E.G. L’Association nationale des sociétés par actions qui milite pour la réduction de la fiscalité sur le capital productif a lancé une réflexion en 2016 avec l'ensemble des associations d'actionnaires qui a débouché sur un colloque auquel était invité Emmanuel Macron puis sur la publication d'un livre blanc. C’est une action qui a contribué à la réforme de l’ISF, transformé en IFI, et à la création du prélèvement forfaitaire unique. L’enjeu est de « bâtir des coalitions », pour reprendre l’expression utilisée aux USA. Qu’il s’agisse d’innovation, de stratégie, de réformes, de propositions, la co-construction permet de constituer au sein de leurs parties prenantes des communautés fortes, engagées et actives.

 

Comment faire en sorte qu'on parle de soi ?

E.C. Il faut faciliter, susciter le débat entre les parties prenantes et leur permettre de s’exprimer librement. Pour les entreprises, cela implique une forme de « lâcher prise ». C’est sur ce principe que Sephora a lancé Beauty Insiders, une plate-forme qui permet l’échange de conseils entre utilisatrices de ses produits. Cela peut aussi devenir une arme de défense. Lorsque Vivendi a voulu s’emparer d'Ubisoft, ce sont les salariés de cet éditeur de jeux qui ont pris la parole pour défendre leur entreprise.

 

Quels sont les écueils à éviter ?

E.G. Pour que les parties prenantes parlent de vous en bien, il faut une vraie stratégie d’engagement qui combine une stratégie d’entreprise mais aussi de communication. Nutella avait déployé beaucoup d'efforts, sur une longue durée, avant que le WWF prenne la parole pour promouvoir son programme lorsque le besoin s'en est fait sentir. 

E.C. Il faut aussi préserver une cohérence entre l’action de l’entreprise et ce qu’elle a construit avec les parties prenantes. Il ne faut pas considérer cette co-construction comme du « good will » à côté de la vraie vie qui serait celle de l’entreprise.

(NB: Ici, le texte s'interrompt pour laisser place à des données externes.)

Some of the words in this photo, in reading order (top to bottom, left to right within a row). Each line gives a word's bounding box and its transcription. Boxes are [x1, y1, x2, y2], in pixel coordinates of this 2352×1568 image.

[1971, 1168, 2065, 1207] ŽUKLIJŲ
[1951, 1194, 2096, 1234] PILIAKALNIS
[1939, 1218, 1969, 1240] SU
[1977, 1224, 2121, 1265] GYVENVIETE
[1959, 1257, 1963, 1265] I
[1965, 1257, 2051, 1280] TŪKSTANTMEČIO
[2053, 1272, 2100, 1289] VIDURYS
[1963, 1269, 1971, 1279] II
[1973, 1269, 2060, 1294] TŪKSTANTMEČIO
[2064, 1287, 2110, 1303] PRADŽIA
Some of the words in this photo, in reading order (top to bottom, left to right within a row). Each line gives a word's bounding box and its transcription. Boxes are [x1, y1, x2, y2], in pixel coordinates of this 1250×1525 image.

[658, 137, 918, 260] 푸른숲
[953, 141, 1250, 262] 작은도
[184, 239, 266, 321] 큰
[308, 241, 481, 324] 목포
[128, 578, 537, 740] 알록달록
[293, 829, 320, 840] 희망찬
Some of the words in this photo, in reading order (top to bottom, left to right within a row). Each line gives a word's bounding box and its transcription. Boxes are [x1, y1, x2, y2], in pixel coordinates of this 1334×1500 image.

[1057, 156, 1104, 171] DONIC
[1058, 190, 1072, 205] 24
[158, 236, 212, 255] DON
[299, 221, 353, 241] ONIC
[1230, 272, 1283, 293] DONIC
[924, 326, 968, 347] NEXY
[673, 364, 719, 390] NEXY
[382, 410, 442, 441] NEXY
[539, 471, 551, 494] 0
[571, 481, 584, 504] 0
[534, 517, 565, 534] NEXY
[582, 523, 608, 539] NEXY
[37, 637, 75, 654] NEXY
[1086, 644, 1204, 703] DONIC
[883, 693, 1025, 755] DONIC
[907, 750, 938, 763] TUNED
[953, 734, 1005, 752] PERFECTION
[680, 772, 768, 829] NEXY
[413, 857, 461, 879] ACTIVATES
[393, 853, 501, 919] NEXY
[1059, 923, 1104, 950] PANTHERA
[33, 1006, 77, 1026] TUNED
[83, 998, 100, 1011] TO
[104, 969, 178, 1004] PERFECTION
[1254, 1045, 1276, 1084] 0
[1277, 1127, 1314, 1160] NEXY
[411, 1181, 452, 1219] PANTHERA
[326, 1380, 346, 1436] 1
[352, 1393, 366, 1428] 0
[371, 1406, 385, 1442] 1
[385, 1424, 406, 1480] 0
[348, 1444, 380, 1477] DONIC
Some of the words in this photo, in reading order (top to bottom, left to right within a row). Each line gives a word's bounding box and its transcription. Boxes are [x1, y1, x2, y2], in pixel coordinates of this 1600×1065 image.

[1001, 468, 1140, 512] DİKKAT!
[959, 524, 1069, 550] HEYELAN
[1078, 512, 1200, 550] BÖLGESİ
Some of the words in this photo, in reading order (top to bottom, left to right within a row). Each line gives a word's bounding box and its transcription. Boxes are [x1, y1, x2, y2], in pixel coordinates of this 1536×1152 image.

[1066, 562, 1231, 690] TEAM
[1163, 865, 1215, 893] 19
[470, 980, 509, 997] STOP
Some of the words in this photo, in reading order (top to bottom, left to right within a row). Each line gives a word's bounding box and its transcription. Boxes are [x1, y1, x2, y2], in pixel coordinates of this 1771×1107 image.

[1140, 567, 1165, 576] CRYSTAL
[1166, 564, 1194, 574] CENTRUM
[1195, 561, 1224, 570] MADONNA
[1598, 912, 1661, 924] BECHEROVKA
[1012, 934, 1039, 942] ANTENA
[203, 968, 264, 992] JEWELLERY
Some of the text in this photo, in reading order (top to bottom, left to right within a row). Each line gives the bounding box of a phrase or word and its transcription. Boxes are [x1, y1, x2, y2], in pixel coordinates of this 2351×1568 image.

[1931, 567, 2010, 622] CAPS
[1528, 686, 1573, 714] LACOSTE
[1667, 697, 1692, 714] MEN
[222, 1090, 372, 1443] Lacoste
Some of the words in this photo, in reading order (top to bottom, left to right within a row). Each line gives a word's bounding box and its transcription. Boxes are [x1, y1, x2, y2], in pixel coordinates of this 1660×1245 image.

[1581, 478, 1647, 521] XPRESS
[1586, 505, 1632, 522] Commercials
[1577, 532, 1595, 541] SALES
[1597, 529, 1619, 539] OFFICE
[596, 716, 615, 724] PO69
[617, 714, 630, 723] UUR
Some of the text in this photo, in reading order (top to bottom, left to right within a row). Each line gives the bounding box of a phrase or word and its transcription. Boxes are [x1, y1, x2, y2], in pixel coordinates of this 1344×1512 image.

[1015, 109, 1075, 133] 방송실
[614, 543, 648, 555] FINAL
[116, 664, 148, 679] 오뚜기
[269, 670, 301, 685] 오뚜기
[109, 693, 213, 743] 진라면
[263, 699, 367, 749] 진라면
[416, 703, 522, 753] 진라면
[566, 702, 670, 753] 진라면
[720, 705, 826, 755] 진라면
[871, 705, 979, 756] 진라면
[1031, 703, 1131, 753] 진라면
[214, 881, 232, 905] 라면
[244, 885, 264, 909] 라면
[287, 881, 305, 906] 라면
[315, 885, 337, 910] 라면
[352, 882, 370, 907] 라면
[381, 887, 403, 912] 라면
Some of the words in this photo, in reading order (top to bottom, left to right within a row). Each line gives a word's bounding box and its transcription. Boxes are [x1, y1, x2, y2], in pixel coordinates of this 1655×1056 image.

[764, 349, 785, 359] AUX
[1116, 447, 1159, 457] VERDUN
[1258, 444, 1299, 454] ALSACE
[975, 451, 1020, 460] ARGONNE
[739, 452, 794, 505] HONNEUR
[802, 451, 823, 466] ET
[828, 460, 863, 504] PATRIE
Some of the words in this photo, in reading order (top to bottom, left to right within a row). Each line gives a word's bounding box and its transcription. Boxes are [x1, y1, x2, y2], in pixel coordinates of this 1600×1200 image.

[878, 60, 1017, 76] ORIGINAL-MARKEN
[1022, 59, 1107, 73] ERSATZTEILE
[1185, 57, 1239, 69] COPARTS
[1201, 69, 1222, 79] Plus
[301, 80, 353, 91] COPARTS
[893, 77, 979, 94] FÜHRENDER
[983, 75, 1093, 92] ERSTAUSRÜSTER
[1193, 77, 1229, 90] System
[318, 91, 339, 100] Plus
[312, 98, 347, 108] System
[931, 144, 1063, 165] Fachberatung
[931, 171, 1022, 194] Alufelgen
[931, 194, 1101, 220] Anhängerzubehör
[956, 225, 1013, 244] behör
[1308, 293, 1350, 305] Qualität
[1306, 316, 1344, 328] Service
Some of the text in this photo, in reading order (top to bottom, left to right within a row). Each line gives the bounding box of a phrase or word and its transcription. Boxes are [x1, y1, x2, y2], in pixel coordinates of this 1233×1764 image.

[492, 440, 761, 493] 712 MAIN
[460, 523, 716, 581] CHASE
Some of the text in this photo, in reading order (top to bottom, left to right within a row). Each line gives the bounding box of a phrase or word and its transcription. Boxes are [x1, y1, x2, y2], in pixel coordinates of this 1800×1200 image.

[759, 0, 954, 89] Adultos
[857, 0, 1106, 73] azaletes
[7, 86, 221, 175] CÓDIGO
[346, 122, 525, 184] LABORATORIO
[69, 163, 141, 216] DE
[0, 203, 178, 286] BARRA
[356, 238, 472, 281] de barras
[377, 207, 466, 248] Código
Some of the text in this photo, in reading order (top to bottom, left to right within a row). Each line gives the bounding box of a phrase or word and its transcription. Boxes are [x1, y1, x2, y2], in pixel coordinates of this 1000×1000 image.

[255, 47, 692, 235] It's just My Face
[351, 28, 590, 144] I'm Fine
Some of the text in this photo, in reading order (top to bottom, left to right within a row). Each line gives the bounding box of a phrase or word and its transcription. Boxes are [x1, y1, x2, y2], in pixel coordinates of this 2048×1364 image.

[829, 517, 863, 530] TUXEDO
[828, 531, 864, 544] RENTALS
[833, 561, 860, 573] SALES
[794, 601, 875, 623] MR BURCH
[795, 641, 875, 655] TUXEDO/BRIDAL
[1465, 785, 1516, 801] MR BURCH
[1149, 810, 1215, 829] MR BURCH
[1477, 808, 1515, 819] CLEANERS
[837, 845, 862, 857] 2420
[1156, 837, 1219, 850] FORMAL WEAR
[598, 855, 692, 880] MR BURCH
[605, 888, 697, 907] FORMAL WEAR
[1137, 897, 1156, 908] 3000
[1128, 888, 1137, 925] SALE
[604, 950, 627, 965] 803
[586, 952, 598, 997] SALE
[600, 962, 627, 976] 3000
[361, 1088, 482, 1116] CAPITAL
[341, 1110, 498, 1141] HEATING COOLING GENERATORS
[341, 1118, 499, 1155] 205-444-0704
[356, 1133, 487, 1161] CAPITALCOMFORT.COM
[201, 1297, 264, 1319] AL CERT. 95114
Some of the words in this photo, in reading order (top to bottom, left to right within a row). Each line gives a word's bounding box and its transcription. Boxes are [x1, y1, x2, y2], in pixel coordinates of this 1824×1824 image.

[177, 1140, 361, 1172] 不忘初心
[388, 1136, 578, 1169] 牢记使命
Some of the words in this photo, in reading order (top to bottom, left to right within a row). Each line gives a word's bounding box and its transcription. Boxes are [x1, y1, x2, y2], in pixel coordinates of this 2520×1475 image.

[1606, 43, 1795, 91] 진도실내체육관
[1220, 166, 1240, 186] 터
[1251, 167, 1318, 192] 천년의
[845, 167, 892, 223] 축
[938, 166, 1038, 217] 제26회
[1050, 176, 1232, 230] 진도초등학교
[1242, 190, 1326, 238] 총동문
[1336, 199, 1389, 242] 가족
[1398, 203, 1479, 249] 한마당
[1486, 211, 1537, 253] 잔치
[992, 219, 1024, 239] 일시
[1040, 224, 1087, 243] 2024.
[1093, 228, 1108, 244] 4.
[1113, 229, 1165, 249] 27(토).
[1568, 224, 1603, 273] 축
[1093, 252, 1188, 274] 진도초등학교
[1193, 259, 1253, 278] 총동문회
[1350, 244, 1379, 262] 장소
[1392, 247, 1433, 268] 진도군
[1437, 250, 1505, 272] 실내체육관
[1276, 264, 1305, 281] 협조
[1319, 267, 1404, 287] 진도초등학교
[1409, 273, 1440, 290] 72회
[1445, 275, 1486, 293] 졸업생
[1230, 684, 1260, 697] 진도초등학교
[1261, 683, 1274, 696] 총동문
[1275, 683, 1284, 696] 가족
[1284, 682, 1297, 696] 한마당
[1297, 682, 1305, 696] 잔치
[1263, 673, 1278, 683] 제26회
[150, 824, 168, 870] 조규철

Tout l’enjeu est de construire des chemins de progrès cohérents.

ENCADRÉ – LES BIOGRAPHIES



Les auteurs

Après plus de vingt ans comme planneur stratégique puis manager de grandes agences de publicité (CLM-BBDO, BDDP, EURO-RSCG, Alice), Élisabeth Coutureau se tourne vers la communication corporate. Elle est co-présidente de Clai mais aussi vice-présidente de l’AACC Corporate, administratrice de l’ARPP et professeur à Sciences-Po Paris. Éric Giuily a été responsable de 1981 à 1986 de la conception des lois de décentralisation au ministère de l’Intérieur, puis dirigeant de grandes entreprises dans le domaine des transports (Causse-Walon, CGM), des médias (Pathé, France 2, AFP), avant d’occuper, entre 2001 et 2009, la présidence de Publicis Consultants. Il est président de Clai et professeur à Sciences-Po Paris.